Even so, we feel it would be rash to leap to conclusions based on one month’s data given the short-term disruption to certain industries and supply chains.
As for governments and central banks, they are all erring on the side of caution when it comes to providing support, and we don’t think they have any great reason or motive to change stance imminently. One concern is that they can’t continue to provide fiscal and monetary injections growing at the same pace as they have done, and that is almost certainly true. In the case of our government, say, we wouldn’t expect another £350 billion deficit in 2021/22, but that is because the recovery in the economy should obviate the need for such largesse.
It’s more complicated in the case of central bank asset purchases. We have seen in recent years that equity markets tend to struggle when the “liquidity impulse” peaks. The liquidity impulse, in this case, measures the year-on-year growth in central bank balance sheets, and that is widely forecast to top out somewhere north of $6 trillion in the first quarter of 2021. The key at that juncture will be whether or not we are experiencing a reasonable recovery in global economic growth. As long as we are, which is not unreasonable to assume, then it should not prove to be an insurmountable hurdle for risk assets. We are certainly not expecting central banks to start shrinking their balance sheets soon.

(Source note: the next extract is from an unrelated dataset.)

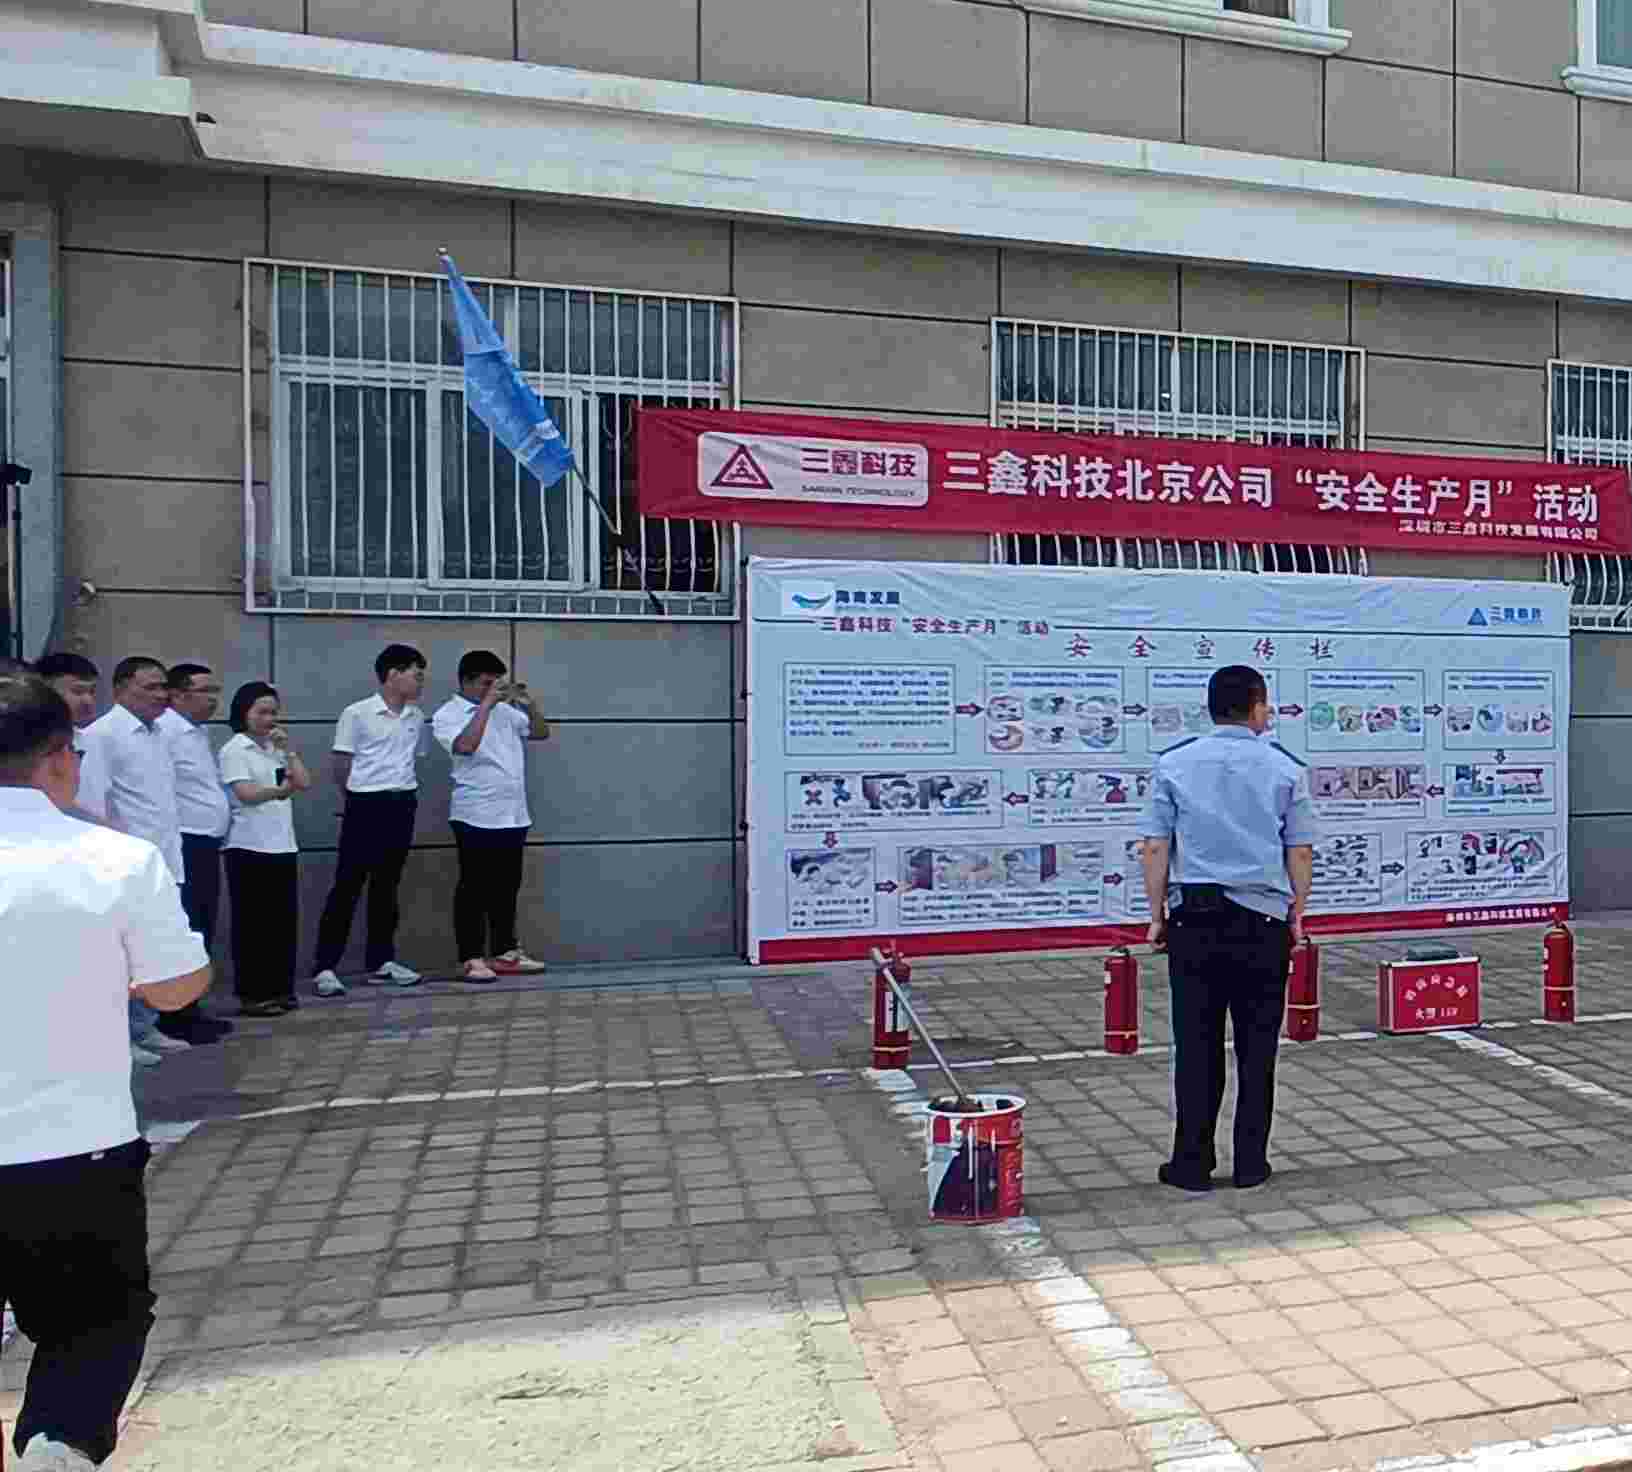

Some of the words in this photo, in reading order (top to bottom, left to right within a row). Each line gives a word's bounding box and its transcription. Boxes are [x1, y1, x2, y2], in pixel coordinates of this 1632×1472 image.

[801, 447, 916, 477] 三鑫科技
[1065, 633, 1334, 661] 安全宣传栏

We might learn a bit more about central bank intentions this week at the annual Jackson Hole Symposium, yet another event that has been consigned to cyberspace. The title of this year’s edition is “Navigating the Decade Ahead: Implications for Monetary Policy”. I’m sure there will be some very interesting thoughts presented, but despite traders’ hunger for actionable soundbites, I also doubt that they (the great and good of central banking) will want to rock the boat dramatically just now.